:: ASSIGNMENT ::
Nothing in the records may be altered, and no picture may be included. Restate them in full.

:: DATA SUPPLIED ::
* * * * * * * * *

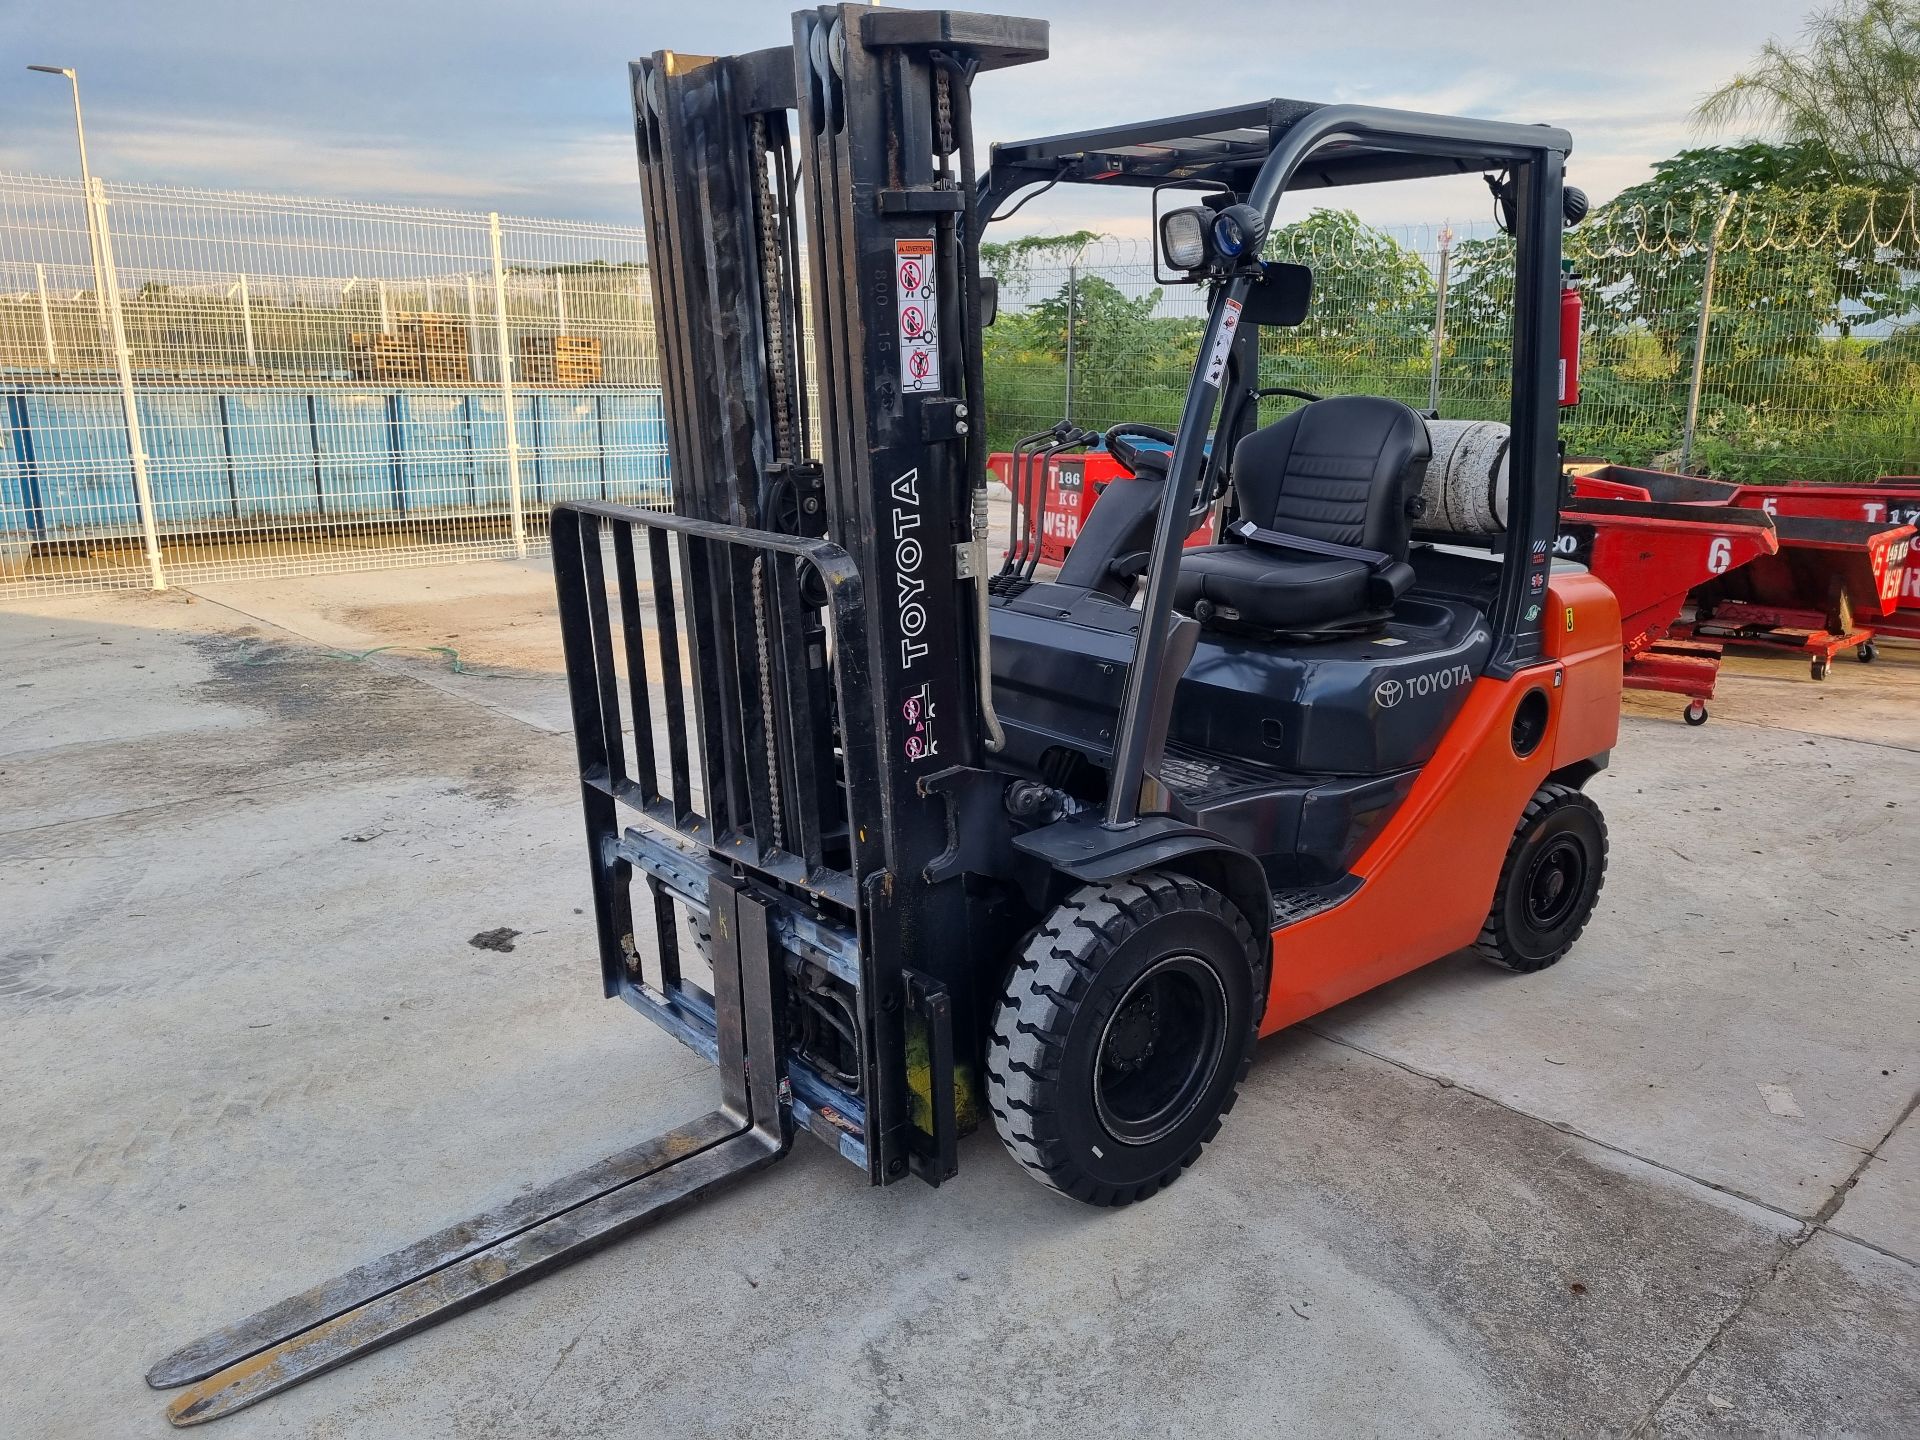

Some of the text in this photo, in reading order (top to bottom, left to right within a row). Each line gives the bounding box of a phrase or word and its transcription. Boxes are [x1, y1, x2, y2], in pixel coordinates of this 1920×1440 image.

[1058, 471, 1081, 486] 186
[1043, 510, 1079, 540] WSR
[1862, 503, 1885, 523] T
[891, 467, 929, 669] TOYOTA
[1707, 537, 1732, 574] 6
[1406, 664, 1472, 699] TOYOTA
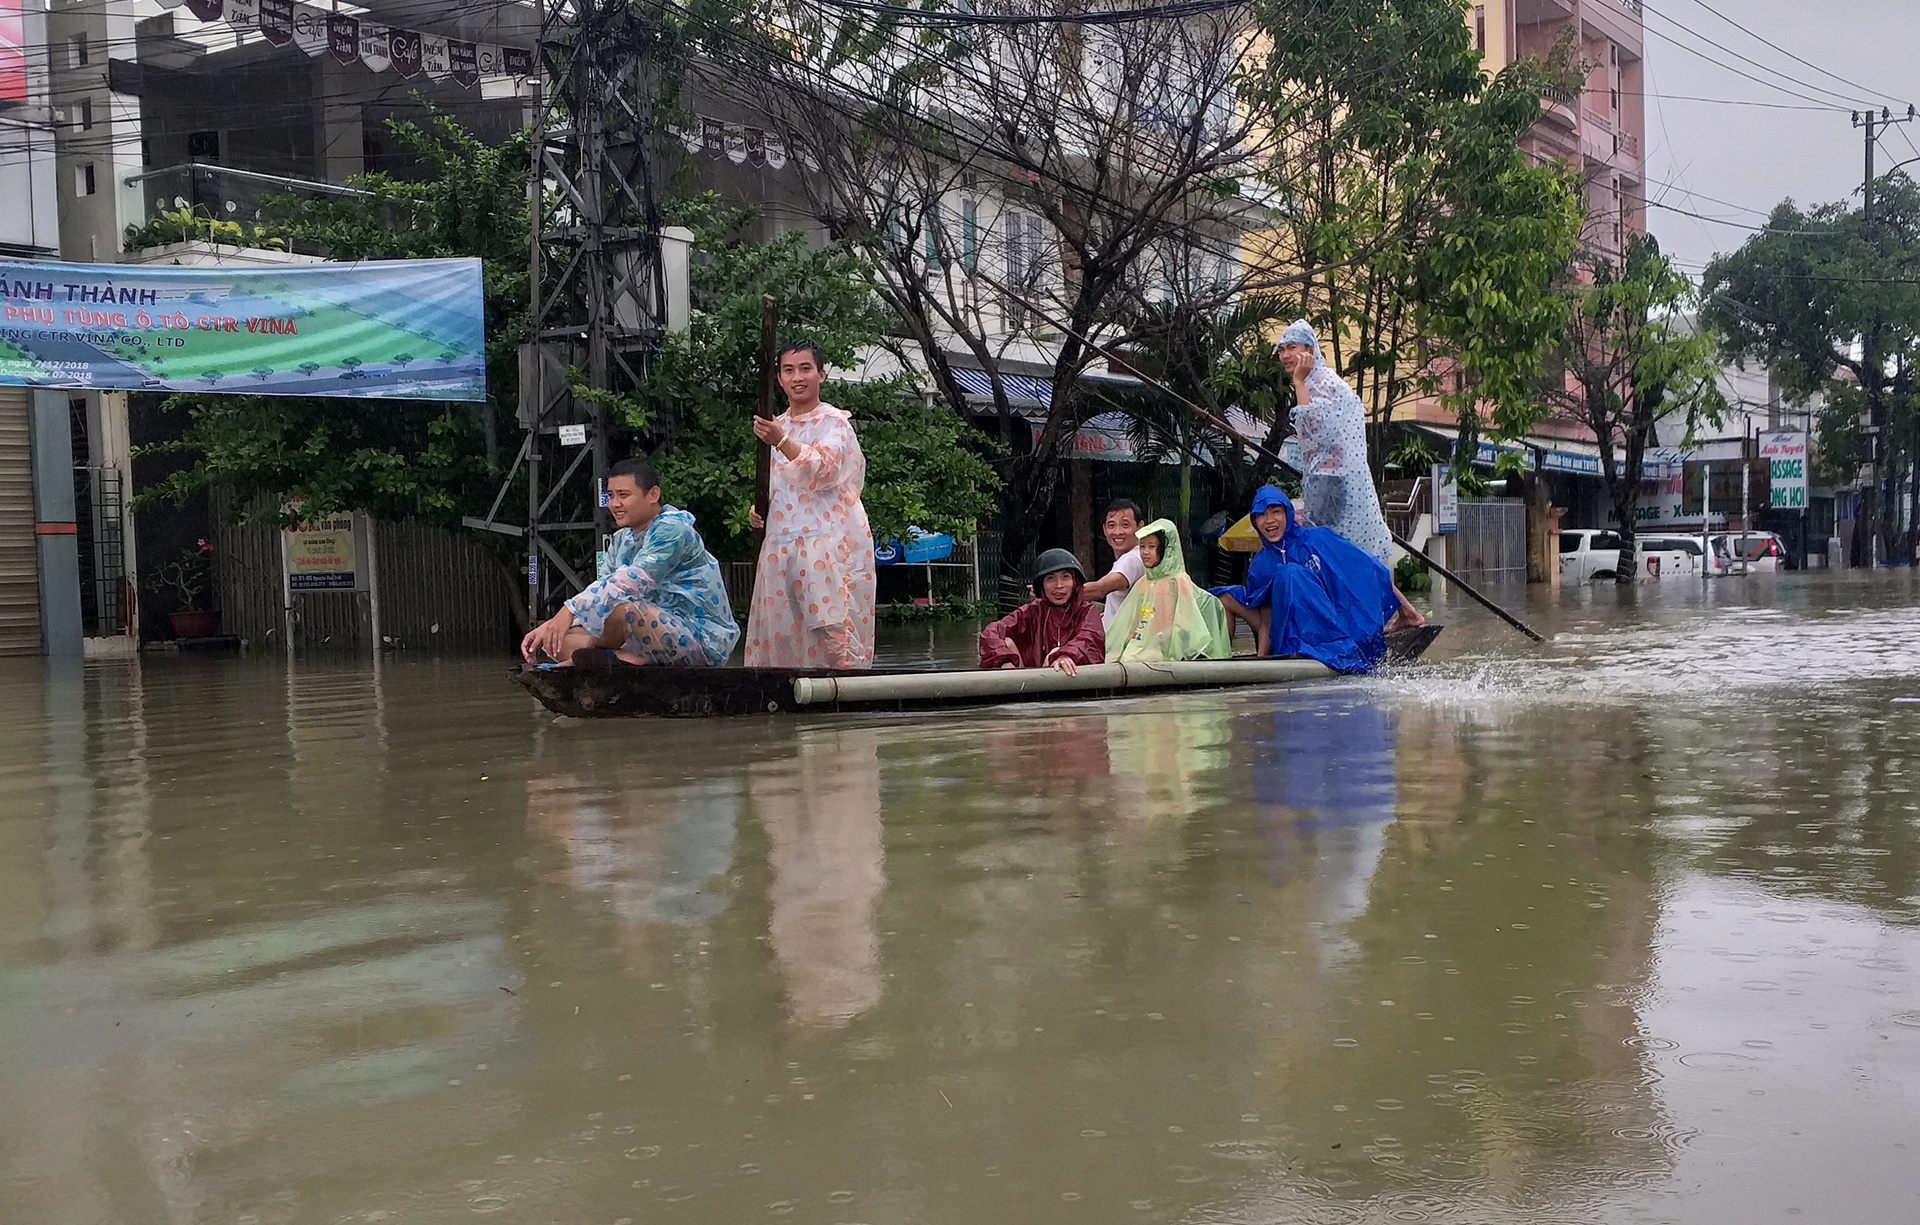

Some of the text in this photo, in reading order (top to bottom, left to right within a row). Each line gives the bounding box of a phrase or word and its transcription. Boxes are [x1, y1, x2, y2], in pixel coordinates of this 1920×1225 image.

[391, 36, 419, 65] Café
[63, 280, 157, 306] THÀNH
[4, 305, 298, 335] PHỤ TÙNG Ô TÔ CTR VINA
[38, 330, 69, 342] CTR
[75, 332, 115, 345] VINA
[121, 335, 151, 348] CO.,
[157, 337, 185, 348] LTD
[0, 368, 50, 378] December
[67, 371, 92, 380] 2018
[35, 360, 89, 370] 7/12/2018
[1771, 459, 1803, 480] ASSAGE

* * * * * * * * *

:: TASK OUTPUT ::
Some of the text in this photo, in reading order (top to bottom, left to right within a row). Each line gives the bounding box of a phrase or word and its transcription. Boxes are [x1, y1, x2, y2], in pixel coordinates of this 1920×1440 image.

[1058, 471, 1081, 486] 186
[1043, 510, 1079, 540] WSR
[1862, 503, 1885, 523] T
[891, 467, 929, 669] TOYOTA
[1707, 537, 1732, 574] 6
[1406, 664, 1472, 699] TOYOTA

Some of the text in this photo, in reading order (top to bottom, left to right within a row). Each line gives the bounding box of a phrase or word and its transcription. Boxes are [x1, y1, x2, y2], in pixel coordinates of this 1920×1225 image.

[391, 36, 419, 65] Café
[63, 280, 157, 306] THÀNH
[4, 305, 298, 335] PHỤ TÙNG Ô TÔ CTR VINA
[38, 330, 69, 342] CTR
[75, 332, 115, 345] VINA
[121, 335, 151, 348] CO.,
[157, 337, 185, 348] LTD
[0, 368, 50, 378] December
[67, 371, 92, 380] 2018
[35, 360, 89, 370] 7/12/2018
[1771, 459, 1803, 480] ASSAGE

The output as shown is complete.